__YOUR OBJECTIVE__
Below are records; output exactly the lines from the one with "this 2160×1440 image." through their final line.

__ENTRIES SUPPLIED__
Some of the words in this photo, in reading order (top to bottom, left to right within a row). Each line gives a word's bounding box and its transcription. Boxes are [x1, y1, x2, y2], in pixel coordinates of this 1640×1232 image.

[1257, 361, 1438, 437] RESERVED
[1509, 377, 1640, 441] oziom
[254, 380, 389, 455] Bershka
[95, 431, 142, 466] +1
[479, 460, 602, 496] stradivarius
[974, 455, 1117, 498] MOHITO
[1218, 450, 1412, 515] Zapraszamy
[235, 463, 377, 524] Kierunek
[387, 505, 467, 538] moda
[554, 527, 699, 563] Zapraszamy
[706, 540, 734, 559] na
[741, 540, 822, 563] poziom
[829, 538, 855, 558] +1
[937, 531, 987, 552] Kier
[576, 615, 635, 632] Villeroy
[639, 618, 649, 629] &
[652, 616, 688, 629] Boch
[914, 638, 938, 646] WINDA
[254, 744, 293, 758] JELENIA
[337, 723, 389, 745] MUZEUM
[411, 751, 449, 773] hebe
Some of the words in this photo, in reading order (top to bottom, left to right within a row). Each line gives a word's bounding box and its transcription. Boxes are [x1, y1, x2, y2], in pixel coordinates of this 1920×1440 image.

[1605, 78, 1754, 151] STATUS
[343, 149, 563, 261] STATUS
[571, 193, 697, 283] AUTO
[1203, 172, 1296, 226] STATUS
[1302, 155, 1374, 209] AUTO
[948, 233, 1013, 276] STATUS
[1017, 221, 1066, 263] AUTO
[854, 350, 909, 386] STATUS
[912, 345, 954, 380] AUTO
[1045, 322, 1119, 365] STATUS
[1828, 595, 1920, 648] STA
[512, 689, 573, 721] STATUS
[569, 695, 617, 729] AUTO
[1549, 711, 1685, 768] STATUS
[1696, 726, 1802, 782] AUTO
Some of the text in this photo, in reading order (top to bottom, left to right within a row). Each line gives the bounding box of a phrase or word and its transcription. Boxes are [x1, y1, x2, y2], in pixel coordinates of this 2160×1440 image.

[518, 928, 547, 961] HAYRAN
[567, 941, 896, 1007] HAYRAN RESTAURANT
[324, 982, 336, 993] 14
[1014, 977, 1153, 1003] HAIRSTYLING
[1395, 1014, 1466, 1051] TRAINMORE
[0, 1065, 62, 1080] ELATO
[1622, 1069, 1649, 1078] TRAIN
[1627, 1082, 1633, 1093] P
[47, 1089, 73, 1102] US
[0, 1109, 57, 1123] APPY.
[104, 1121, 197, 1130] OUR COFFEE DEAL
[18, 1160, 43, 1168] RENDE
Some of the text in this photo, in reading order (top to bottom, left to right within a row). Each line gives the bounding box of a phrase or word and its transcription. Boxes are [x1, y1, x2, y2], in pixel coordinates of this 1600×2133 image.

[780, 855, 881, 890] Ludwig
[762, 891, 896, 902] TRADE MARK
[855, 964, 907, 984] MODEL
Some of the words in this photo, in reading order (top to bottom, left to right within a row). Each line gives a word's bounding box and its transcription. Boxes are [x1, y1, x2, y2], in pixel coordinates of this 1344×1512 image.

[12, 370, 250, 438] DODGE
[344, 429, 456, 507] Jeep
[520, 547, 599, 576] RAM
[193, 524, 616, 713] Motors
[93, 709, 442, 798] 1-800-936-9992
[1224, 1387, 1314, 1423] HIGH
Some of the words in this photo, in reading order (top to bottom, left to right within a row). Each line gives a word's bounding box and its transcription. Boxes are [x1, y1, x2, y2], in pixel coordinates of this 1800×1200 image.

__TASK SOLUTION__
Some of the text in this photo, in reading order (top to bottom, left to right within a row). Each line gives the bounding box of a phrase or word and its transcription. Boxes are [x1, y1, x2, y2], in pixel coordinates of this 2160×1440 image.

[518, 928, 547, 961] HAYRAN
[567, 941, 896, 1007] HAYRAN RESTAURANT
[324, 982, 336, 993] 14
[1014, 977, 1153, 1003] HAIRSTYLING
[1395, 1014, 1466, 1051] TRAINMORE
[0, 1065, 62, 1080] ELATO
[1622, 1069, 1649, 1078] TRAIN
[1627, 1082, 1633, 1093] P
[47, 1089, 73, 1102] US
[0, 1109, 57, 1123] APPY.
[104, 1121, 197, 1130] OUR COFFEE DEAL
[18, 1160, 43, 1168] RENDE
Some of the text in this photo, in reading order (top to bottom, left to right within a row). Each line gives the bounding box of a phrase or word and its transcription. Boxes are [x1, y1, x2, y2], in pixel coordinates of this 1600×2133 image.

[780, 855, 881, 890] Ludwig
[762, 891, 896, 902] TRADE MARK
[855, 964, 907, 984] MODEL
Some of the words in this photo, in reading order (top to bottom, left to right within a row). Each line gives a word's bounding box and its transcription. Boxes are [x1, y1, x2, y2], in pixel coordinates of this 1344×1512 image.

[12, 370, 250, 438] DODGE
[344, 429, 456, 507] Jeep
[520, 547, 599, 576] RAM
[193, 524, 616, 713] Motors
[93, 709, 442, 798] 1-800-936-9992
[1224, 1387, 1314, 1423] HIGH
Some of the words in this photo, in reading order (top to bottom, left to right within a row). Each line gives a word's bounding box and its transcription. Boxes are [x1, y1, x2, y2], in pixel coordinates of this 1800×1200 image.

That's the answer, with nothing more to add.